Sansür yasasına benziyordu Menderesin bir türlü çıkartmadığı “İspat HakkıYasası…”
Cumhuriyet 1923’de ilan edilmiş, 27 yıl sonra çok partili yaşama geçilmiş, 37’nci yılında askerler, cumhuriyetin seçimle gelmiş iktidarını indirip yönetime el koymuş…
İsmet İnönü kaybettiği 1950 seçimi sonrasında “Benim en büyük yenilgim, en büyük zaferimdir” anlayışıyla iktidarı Menderes’e bırakmış ama iktidarı alan İnönü’nün ne kadar önemli bir mesaj verdiğini anlayamamış…

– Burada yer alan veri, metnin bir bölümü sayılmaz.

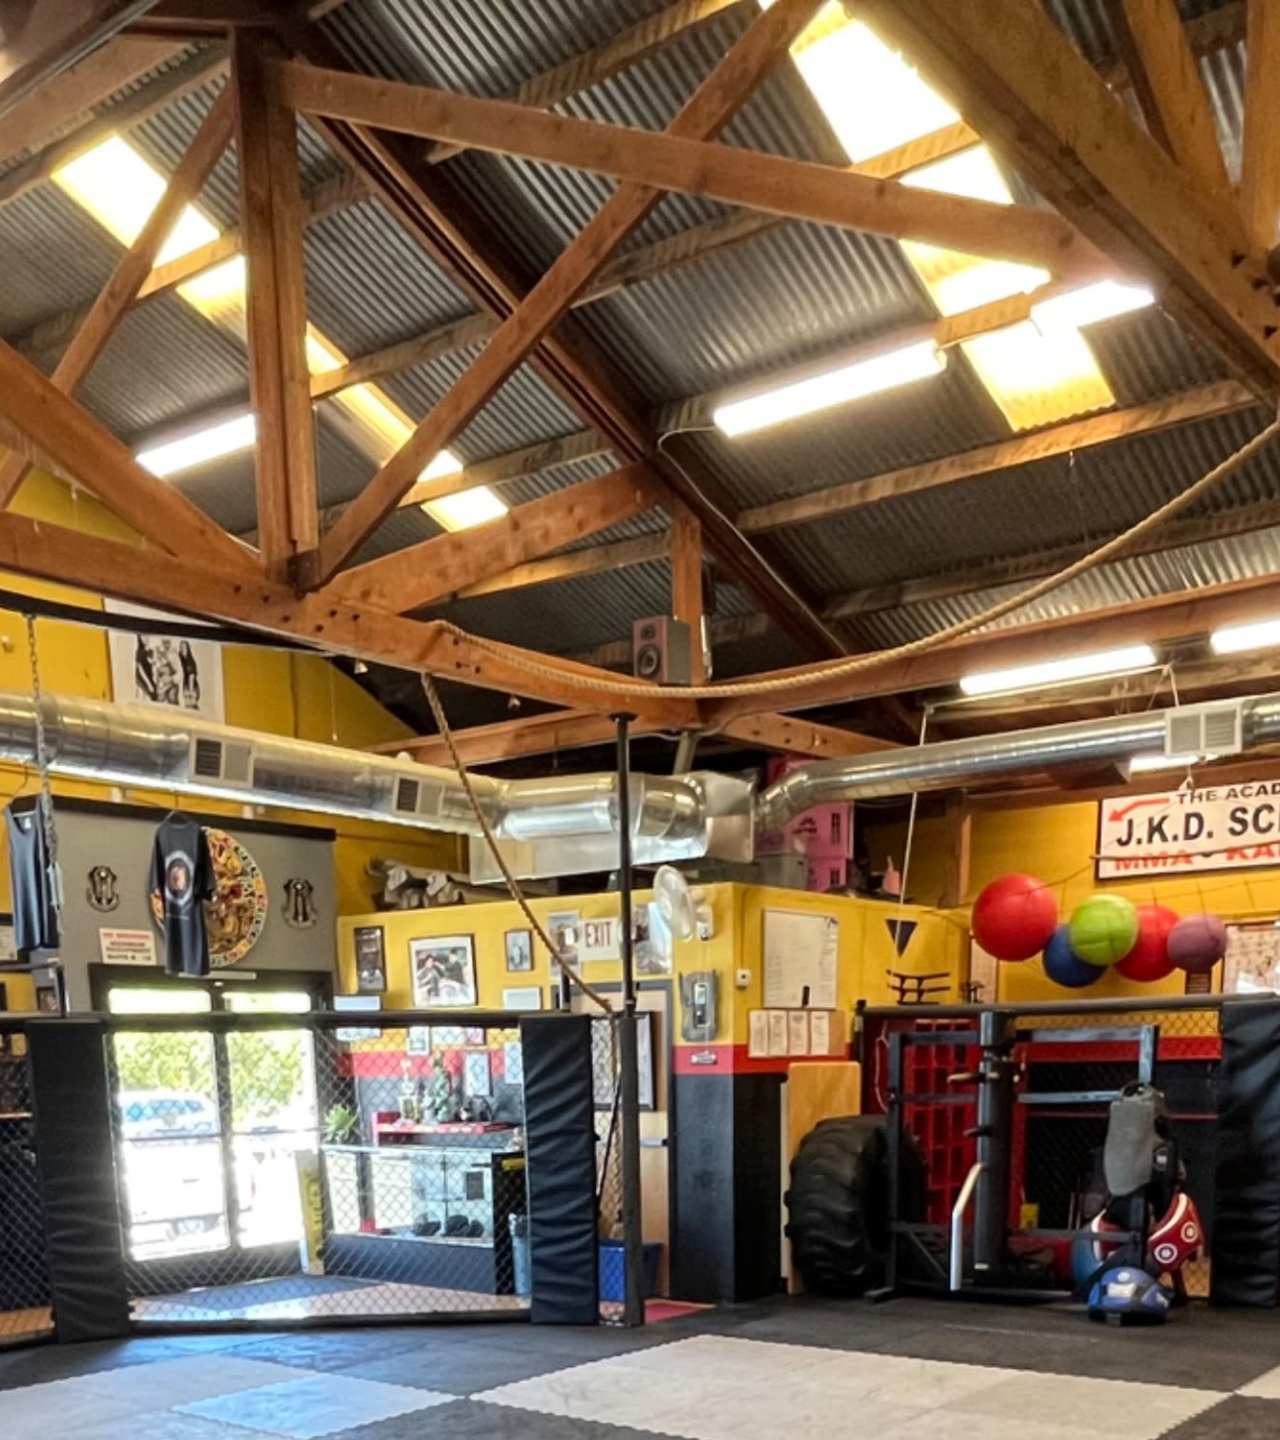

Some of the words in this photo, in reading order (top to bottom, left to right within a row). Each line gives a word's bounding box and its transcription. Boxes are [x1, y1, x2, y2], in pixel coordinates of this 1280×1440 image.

İki nokta Menderes döneminin demokrasiden ne kadar uzakta olduğunu göstermeye yetiyor…
Birincisi: İspat Hakkı Yasası’nın çıkartılmaması
İkincisi: Tahkikat Komisyonu’nun kurulması…
Her ikisi de hukuk dışı uygulamalardı…
İspat Hakkı şuydu:
Bir gazeteci; başbakan, bakan, milletvekili, vali belediye başkanı ki bunlar iktidarı elinde tutanlardı, bunlar hakkında bir iddia ortaya atmış, örneğin falan bakan rüşvet aldı diye gazetede yazmışsa, hemen meclisin manevi şahsiyetine hakaretten dava açılıp tutuklanırdı…
En kötüsü ise iddiada bulunana iddiasını ispat etmek hakkı verilmemesiydi.
Bugünlerde “Sansür Yasası” diye adlandırılan, haberin doğru olup olmadığına bakmadan haberi yazanın sorguya çekilip tutuklanması da aynı anlayışın bir ürünü değil mi?
Gelelim meşhur Tahkikat Komisyonu’na:
-Komisyon 15 DP milletvekilinden oluşuyordu (Muhalefetten bir üye bile yok)
-Komisyon istediği kişiyi gözaltına alıp sorguya çekebilirdi
-Kararlarına itiraz edilemez. İtiraz eden bir yıldan az olmamak üzere cezalandırılırdı
-Hükümetin bütün olanaklarından yararlanma hakkına sahipti.